WHAT THE TASK REQUIRES:
Repeat every entry exactly as it appears.

BEGIN

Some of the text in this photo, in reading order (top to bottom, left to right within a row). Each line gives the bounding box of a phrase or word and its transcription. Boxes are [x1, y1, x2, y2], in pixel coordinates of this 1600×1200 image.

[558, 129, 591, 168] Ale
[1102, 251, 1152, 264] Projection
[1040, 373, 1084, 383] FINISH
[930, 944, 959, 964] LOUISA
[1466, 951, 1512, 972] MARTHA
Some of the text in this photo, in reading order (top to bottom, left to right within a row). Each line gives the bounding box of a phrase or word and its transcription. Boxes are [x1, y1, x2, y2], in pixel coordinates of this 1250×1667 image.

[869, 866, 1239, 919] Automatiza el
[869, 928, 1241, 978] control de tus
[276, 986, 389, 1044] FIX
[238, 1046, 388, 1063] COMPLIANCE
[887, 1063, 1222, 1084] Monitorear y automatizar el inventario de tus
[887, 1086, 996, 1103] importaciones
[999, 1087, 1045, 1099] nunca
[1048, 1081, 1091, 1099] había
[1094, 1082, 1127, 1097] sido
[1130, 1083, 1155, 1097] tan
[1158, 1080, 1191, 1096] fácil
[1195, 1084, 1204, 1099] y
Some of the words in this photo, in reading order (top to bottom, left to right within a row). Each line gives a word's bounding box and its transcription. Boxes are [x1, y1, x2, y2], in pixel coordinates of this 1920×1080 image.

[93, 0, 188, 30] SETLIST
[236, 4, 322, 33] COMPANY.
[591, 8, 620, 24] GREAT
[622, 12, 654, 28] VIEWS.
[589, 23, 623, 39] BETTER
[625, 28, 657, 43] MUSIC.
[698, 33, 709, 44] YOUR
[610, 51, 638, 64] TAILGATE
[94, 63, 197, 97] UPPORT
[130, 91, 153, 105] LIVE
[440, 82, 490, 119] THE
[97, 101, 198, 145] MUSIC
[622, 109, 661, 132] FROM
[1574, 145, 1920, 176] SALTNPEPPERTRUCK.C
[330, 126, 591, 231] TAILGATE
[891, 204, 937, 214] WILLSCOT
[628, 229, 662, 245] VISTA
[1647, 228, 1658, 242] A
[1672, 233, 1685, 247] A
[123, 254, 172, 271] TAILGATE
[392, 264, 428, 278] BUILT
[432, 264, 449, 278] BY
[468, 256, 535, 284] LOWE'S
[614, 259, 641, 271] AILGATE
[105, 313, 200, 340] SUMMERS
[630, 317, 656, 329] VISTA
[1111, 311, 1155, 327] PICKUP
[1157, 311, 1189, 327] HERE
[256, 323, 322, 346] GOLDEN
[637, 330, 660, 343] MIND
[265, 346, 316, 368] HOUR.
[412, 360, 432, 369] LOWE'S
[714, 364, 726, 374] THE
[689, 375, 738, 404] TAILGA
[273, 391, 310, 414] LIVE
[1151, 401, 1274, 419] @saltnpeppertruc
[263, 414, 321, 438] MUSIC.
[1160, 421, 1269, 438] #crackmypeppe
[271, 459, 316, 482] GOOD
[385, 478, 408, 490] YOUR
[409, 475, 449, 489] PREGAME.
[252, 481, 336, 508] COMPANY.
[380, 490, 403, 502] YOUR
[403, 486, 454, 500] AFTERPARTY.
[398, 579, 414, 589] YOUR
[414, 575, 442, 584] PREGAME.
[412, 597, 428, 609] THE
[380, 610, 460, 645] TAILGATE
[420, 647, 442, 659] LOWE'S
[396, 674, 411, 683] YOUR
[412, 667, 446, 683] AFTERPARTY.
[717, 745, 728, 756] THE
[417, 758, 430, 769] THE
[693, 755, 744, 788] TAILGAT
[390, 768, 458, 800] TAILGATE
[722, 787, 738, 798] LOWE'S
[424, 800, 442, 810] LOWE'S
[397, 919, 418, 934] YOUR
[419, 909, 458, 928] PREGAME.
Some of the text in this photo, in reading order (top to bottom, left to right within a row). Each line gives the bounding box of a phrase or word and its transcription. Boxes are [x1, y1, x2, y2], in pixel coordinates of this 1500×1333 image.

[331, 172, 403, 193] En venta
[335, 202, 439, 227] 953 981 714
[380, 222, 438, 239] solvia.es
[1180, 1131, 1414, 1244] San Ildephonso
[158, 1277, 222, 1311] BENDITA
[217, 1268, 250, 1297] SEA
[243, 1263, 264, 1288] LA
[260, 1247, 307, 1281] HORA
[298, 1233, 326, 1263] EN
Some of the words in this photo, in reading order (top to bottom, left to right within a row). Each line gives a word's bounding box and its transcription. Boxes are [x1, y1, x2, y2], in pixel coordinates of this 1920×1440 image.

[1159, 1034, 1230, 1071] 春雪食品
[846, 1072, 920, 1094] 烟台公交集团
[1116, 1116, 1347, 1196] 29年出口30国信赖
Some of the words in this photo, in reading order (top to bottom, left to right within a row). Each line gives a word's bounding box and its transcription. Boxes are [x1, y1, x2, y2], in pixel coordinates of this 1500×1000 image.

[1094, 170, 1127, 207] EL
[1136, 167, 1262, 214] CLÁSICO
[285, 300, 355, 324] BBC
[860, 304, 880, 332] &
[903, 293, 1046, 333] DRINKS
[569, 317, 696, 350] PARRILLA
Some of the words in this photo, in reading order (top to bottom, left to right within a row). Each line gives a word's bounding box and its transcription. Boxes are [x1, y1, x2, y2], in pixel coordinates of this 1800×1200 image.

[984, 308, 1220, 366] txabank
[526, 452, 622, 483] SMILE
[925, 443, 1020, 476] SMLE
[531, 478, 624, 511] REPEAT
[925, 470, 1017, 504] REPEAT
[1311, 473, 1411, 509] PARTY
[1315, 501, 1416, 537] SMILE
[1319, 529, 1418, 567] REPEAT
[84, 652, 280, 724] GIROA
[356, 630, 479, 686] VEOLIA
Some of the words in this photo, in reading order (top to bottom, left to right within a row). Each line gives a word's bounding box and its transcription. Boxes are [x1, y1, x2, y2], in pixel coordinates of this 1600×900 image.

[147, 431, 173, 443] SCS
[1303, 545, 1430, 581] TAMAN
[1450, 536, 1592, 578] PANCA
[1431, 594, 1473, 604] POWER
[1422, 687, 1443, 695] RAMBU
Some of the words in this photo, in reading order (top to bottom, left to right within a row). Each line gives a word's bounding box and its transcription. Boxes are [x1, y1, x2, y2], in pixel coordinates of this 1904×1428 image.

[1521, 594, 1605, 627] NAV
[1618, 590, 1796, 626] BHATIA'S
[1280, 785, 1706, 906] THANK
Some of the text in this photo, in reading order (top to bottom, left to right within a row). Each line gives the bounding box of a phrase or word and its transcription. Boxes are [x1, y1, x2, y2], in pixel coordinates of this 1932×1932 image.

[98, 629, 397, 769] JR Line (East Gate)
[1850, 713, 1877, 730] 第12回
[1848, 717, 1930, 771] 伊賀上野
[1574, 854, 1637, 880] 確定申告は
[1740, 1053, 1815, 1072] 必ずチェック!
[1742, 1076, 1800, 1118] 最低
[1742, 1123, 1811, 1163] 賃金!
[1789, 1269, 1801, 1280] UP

END

SOLUTION:
Some of the text in this photo, in reading order (top to bottom, left to right within a row). Each line gives the bounding box of a phrase or word and its transcription. Boxes are [x1, y1, x2, y2], in pixel coordinates of this 1600×1200 image.

[558, 129, 591, 168] Ale
[1102, 251, 1152, 264] Projection
[1040, 373, 1084, 383] FINISH
[930, 944, 959, 964] LOUISA
[1466, 951, 1512, 972] MARTHA
Some of the text in this photo, in reading order (top to bottom, left to right within a row). Each line gives the bounding box of a phrase or word and its transcription. Boxes are [x1, y1, x2, y2], in pixel coordinates of this 1250×1667 image.

[869, 866, 1239, 919] Automatiza el
[869, 928, 1241, 978] control de tus
[276, 986, 389, 1044] FIX
[238, 1046, 388, 1063] COMPLIANCE
[887, 1063, 1222, 1084] Monitorear y automatizar el inventario de tus
[887, 1086, 996, 1103] importaciones
[999, 1087, 1045, 1099] nunca
[1048, 1081, 1091, 1099] había
[1094, 1082, 1127, 1097] sido
[1130, 1083, 1155, 1097] tan
[1158, 1080, 1191, 1096] fácil
[1195, 1084, 1204, 1099] y
Some of the words in this photo, in reading order (top to bottom, left to right within a row). Each line gives a word's bounding box and its transcription. Boxes are [x1, y1, x2, y2], in pixel coordinates of this 1920×1080 image.

[93, 0, 188, 30] SETLIST
[236, 4, 322, 33] COMPANY.
[591, 8, 620, 24] GREAT
[622, 12, 654, 28] VIEWS.
[589, 23, 623, 39] BETTER
[625, 28, 657, 43] MUSIC.
[698, 33, 709, 44] YOUR
[610, 51, 638, 64] TAILGATE
[94, 63, 197, 97] UPPORT
[130, 91, 153, 105] LIVE
[440, 82, 490, 119] THE
[97, 101, 198, 145] MUSIC
[622, 109, 661, 132] FROM
[1574, 145, 1920, 176] SALTNPEPPERTRUCK.C
[330, 126, 591, 231] TAILGATE
[891, 204, 937, 214] WILLSCOT
[628, 229, 662, 245] VISTA
[1647, 228, 1658, 242] A
[1672, 233, 1685, 247] A
[123, 254, 172, 271] TAILGATE
[392, 264, 428, 278] BUILT
[432, 264, 449, 278] BY
[468, 256, 535, 284] LOWE'S
[614, 259, 641, 271] AILGATE
[105, 313, 200, 340] SUMMERS
[630, 317, 656, 329] VISTA
[1111, 311, 1155, 327] PICKUP
[1157, 311, 1189, 327] HERE
[256, 323, 322, 346] GOLDEN
[637, 330, 660, 343] MIND
[265, 346, 316, 368] HOUR.
[412, 360, 432, 369] LOWE'S
[714, 364, 726, 374] THE
[689, 375, 738, 404] TAILGA
[273, 391, 310, 414] LIVE
[1151, 401, 1274, 419] @saltnpeppertruc
[263, 414, 321, 438] MUSIC.
[1160, 421, 1269, 438] #crackmypeppe
[271, 459, 316, 482] GOOD
[385, 478, 408, 490] YOUR
[409, 475, 449, 489] PREGAME.
[252, 481, 336, 508] COMPANY.
[380, 490, 403, 502] YOUR
[403, 486, 454, 500] AFTERPARTY.
[398, 579, 414, 589] YOUR
[414, 575, 442, 584] PREGAME.
[412, 597, 428, 609] THE
[380, 610, 460, 645] TAILGATE
[420, 647, 442, 659] LOWE'S
[396, 674, 411, 683] YOUR
[412, 667, 446, 683] AFTERPARTY.
[717, 745, 728, 756] THE
[417, 758, 430, 769] THE
[693, 755, 744, 788] TAILGAT
[390, 768, 458, 800] TAILGATE
[722, 787, 738, 798] LOWE'S
[424, 800, 442, 810] LOWE'S
[397, 919, 418, 934] YOUR
[419, 909, 458, 928] PREGAME.
Some of the text in this photo, in reading order (top to bottom, left to right within a row). Each line gives the bounding box of a phrase or word and its transcription. Boxes are [x1, y1, x2, y2], in pixel coordinates of this 1500×1333 image.

[331, 172, 403, 193] En venta
[335, 202, 439, 227] 953 981 714
[380, 222, 438, 239] solvia.es
[1180, 1131, 1414, 1244] San Ildephonso
[158, 1277, 222, 1311] BENDITA
[217, 1268, 250, 1297] SEA
[243, 1263, 264, 1288] LA
[260, 1247, 307, 1281] HORA
[298, 1233, 326, 1263] EN
Some of the words in this photo, in reading order (top to bottom, left to right within a row). Each line gives a word's bounding box and its transcription. Boxes are [x1, y1, x2, y2], in pixel coordinates of this 1920×1440 image.

[1159, 1034, 1230, 1071] 春雪食品
[846, 1072, 920, 1094] 烟台公交集团
[1116, 1116, 1347, 1196] 29年出口30国信赖
Some of the words in this photo, in reading order (top to bottom, left to right within a row). Each line gives a word's bounding box and its transcription. Boxes are [x1, y1, x2, y2], in pixel coordinates of this 1500×1000 image.

[1094, 170, 1127, 207] EL
[1136, 167, 1262, 214] CLÁSICO
[285, 300, 355, 324] BBC
[860, 304, 880, 332] &
[903, 293, 1046, 333] DRINKS
[569, 317, 696, 350] PARRILLA
Some of the words in this photo, in reading order (top to bottom, left to right within a row). Each line gives a word's bounding box and its transcription. Boxes are [x1, y1, x2, y2], in pixel coordinates of this 1800×1200 image.

[984, 308, 1220, 366] txabank
[526, 452, 622, 483] SMILE
[925, 443, 1020, 476] SMLE
[531, 478, 624, 511] REPEAT
[925, 470, 1017, 504] REPEAT
[1311, 473, 1411, 509] PARTY
[1315, 501, 1416, 537] SMILE
[1319, 529, 1418, 567] REPEAT
[84, 652, 280, 724] GIROA
[356, 630, 479, 686] VEOLIA
Some of the words in this photo, in reading order (top to bottom, left to right within a row). Each line gives a word's bounding box and its transcription. Boxes are [x1, y1, x2, y2], in pixel coordinates of this 1600×900 image.

[147, 431, 173, 443] SCS
[1303, 545, 1430, 581] TAMAN
[1450, 536, 1592, 578] PANCA
[1431, 594, 1473, 604] POWER
[1422, 687, 1443, 695] RAMBU
Some of the words in this photo, in reading order (top to bottom, left to right within a row). Each line gives a word's bounding box and its transcription. Boxes are [x1, y1, x2, y2], in pixel coordinates of this 1904×1428 image.

[1521, 594, 1605, 627] NAV
[1618, 590, 1796, 626] BHATIA'S
[1280, 785, 1706, 906] THANK
Some of the text in this photo, in reading order (top to bottom, left to right within a row). Each line gives the bounding box of a phrase or word and its transcription. Boxes are [x1, y1, x2, y2], in pixel coordinates of this 1932×1932 image.

[98, 629, 397, 769] JR Line (East Gate)
[1850, 713, 1877, 730] 第12回
[1848, 717, 1930, 771] 伊賀上野
[1574, 854, 1637, 880] 確定申告は
[1740, 1053, 1815, 1072] 必ずチェック!
[1742, 1076, 1800, 1118] 最低
[1742, 1123, 1811, 1163] 賃金!
[1789, 1269, 1801, 1280] UP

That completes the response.